Today marks three weeks from the Sandy Hook school shooting in Newtown, CT; an event that removed any doubt that we live in a culture of death.  While we continue to mourn the deaths in that massacre, we are left grappling with troubling questions about why these events happen with such regularity in our nation.  Garry Wills reflected powerfully on this just days after the shooting, recalling the biblical treatment of Moloch, the savage god whose thirst is quenched only with the blood of children.  He writes:

That horror cannot be blamed just on one unhinged person. It was the sacrifice we as a culture made, and continually make, to our demonic god. We guarantee that crazed man after crazed man will have a flood of killing power readily supplied him. We have to make that offering, out of devotion to our Moloch, our god. The gun is our Moloch.

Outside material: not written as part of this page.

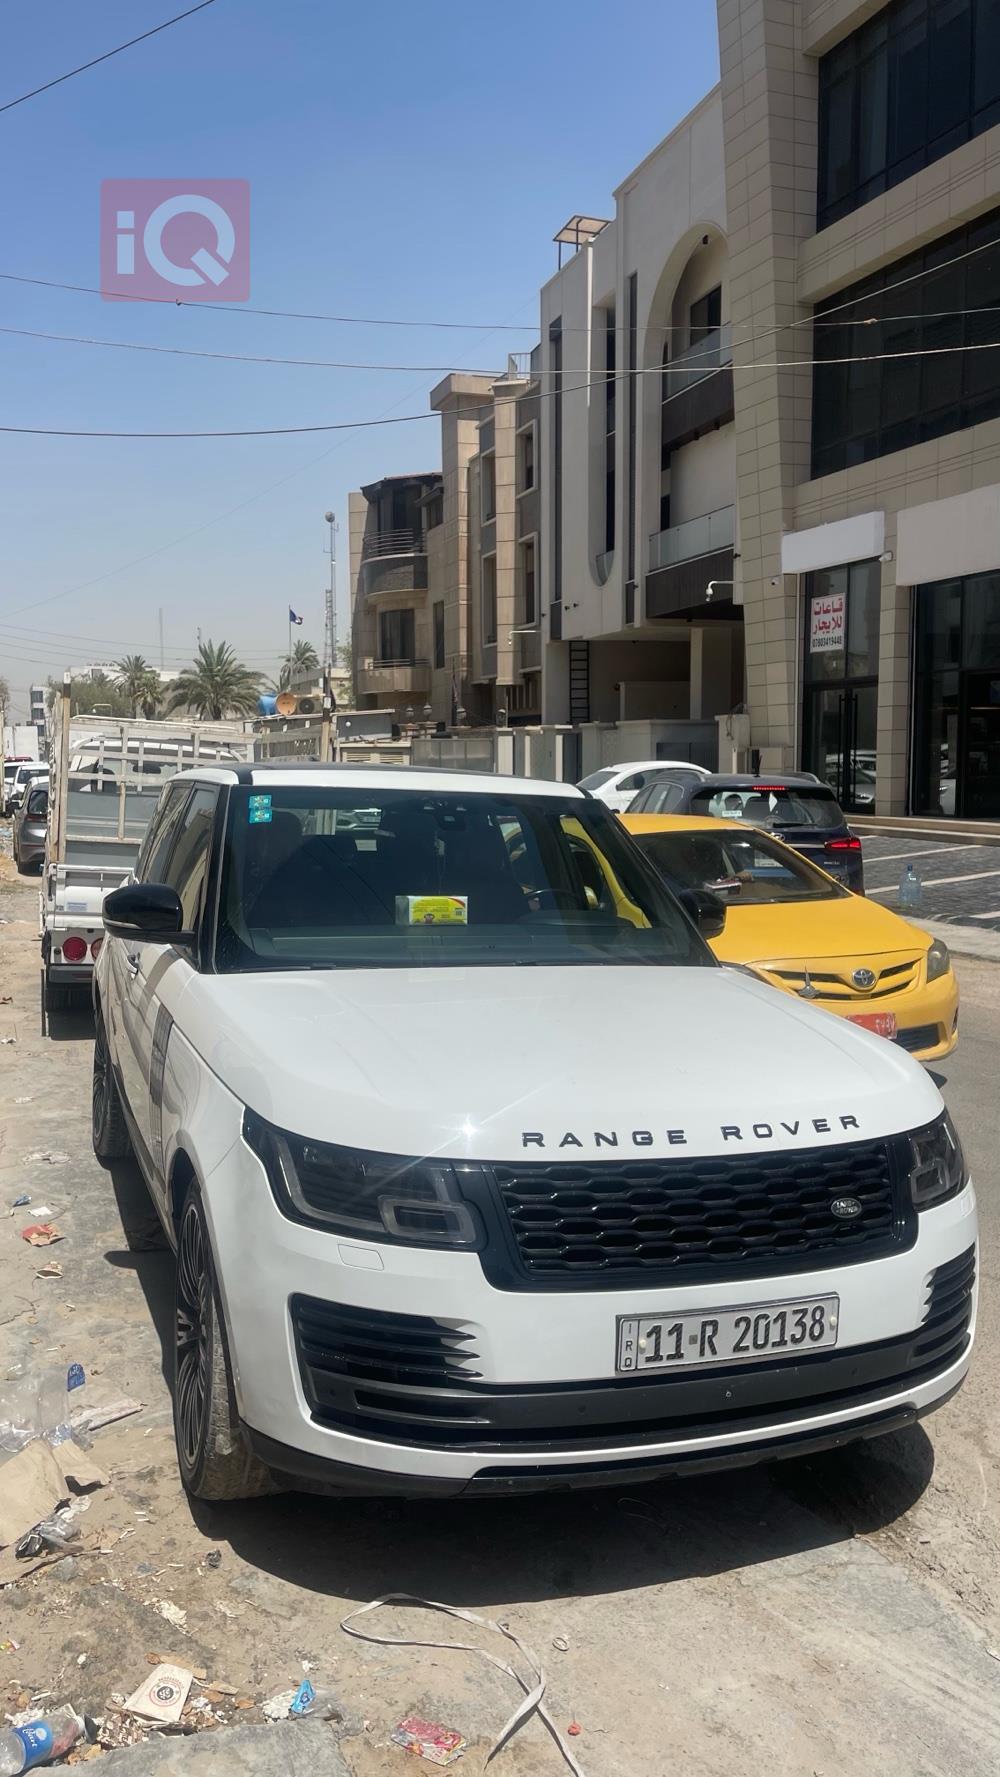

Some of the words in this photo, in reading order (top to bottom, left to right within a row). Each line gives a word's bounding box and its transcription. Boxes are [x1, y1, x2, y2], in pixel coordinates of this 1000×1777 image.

On the day of the massacre, White House spokesperson Jay Carney said it was not the day to review gun control.  Other writers have suggested that it istoo soon in the wake of tragedy to argue about it.  But this isn’t the first time we have mourned as a nation, and this isn’t the first time we’ve been asked to wait, and called to reflect. There have been 31 mass killings since Columbine.  Eight of them happened in this year alone. And others preceded Columbine.  Yet through all these decades, it seems little has changed to prevent these tragedies, or reduce their frequency, or otherwise ensure the public safety.  Was it really too soon, or had we waited too long?

I wonder about the roots of inaction here.  With innumerable prayers and countless reflections, why do we seem stuck in an interminable pause, waiting only for the next gunman to act?  It could be that calls for action have been routinely drowned out by calls for the status quo.  No sooner had Vice President Biden been dispatched to lead a task force on gun violence than the NRA – in a move that seemed to misjudge the mood of the nation – responded with a call for even more guns.  Maybe people fear un-thoughtful reactions that don’t address deeper issues about life and violence and the way we care for our neighbors. Rightly so, but it needn’t be that way.  We have an opportunity now; we have a choice to make.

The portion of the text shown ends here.